» Exercise data:
▶
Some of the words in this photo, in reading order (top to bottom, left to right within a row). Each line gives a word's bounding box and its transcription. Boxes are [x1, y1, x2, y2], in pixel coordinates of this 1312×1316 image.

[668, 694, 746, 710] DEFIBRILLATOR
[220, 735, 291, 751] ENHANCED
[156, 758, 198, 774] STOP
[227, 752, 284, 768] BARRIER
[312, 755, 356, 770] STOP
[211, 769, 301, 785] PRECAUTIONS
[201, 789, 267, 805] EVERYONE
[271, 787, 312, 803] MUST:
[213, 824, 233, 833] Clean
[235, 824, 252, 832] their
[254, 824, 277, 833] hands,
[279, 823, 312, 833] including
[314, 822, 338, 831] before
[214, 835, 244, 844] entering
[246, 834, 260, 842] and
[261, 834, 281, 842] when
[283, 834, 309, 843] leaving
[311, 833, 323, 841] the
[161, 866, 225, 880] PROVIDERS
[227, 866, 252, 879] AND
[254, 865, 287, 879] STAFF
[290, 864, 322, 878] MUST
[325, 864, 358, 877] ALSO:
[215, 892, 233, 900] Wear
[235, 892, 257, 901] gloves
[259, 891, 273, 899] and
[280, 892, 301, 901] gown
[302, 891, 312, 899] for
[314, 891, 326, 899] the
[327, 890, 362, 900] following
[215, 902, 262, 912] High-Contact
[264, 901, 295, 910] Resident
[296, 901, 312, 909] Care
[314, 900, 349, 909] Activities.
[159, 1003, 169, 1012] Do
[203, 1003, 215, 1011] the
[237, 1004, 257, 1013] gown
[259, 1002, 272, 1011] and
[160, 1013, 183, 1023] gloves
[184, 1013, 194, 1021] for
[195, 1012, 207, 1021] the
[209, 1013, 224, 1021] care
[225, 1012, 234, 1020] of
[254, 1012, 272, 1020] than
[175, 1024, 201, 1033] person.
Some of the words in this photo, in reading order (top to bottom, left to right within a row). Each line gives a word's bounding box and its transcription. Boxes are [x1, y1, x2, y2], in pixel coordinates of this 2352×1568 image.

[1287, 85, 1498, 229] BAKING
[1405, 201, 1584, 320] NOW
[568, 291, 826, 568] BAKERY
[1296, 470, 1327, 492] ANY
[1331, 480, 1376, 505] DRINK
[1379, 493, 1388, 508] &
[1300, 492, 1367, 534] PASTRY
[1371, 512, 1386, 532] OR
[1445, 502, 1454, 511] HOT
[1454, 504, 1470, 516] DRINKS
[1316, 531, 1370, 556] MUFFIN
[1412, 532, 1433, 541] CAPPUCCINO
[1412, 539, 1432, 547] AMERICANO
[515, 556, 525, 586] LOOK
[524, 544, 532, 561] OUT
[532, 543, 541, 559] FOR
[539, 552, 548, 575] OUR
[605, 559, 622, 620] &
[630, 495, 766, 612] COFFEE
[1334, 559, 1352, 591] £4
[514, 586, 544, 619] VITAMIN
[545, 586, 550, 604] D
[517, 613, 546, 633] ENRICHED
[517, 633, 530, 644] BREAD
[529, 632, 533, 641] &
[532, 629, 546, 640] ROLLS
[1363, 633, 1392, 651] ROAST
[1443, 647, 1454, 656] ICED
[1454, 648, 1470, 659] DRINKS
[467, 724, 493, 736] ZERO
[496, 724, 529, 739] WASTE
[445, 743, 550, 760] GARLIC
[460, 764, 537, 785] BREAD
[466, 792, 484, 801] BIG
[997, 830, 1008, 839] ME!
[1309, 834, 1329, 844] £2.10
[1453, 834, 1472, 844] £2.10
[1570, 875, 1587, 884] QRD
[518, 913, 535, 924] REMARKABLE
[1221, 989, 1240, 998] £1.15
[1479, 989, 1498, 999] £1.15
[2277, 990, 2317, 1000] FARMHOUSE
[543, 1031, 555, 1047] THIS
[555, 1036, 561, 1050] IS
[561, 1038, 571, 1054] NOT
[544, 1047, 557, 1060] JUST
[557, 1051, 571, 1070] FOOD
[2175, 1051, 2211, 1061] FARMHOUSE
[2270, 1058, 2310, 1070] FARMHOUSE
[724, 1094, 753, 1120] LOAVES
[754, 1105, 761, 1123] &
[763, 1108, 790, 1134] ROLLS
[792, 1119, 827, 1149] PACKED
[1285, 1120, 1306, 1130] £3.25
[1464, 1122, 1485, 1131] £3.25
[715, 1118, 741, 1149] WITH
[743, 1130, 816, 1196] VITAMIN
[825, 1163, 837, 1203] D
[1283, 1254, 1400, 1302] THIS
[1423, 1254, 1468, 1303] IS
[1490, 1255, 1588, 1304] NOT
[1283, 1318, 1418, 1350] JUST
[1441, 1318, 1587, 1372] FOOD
◀
» What is being asked: Could you copy each line of the material that holds "Boxes"?

» Finished task:
Some of the words in this photo, in reading order (top to bottom, left to right within a row). Each line gives a word's bounding box and its transcription. Boxes are [x1, y1, x2, y2], in pixel coordinates of this 1312×1316 image.
Some of the words in this photo, in reading order (top to bottom, left to right within a row). Each line gives a word's bounding box and its transcription. Boxes are [x1, y1, x2, y2], in pixel coordinates of this 2352×1568 image.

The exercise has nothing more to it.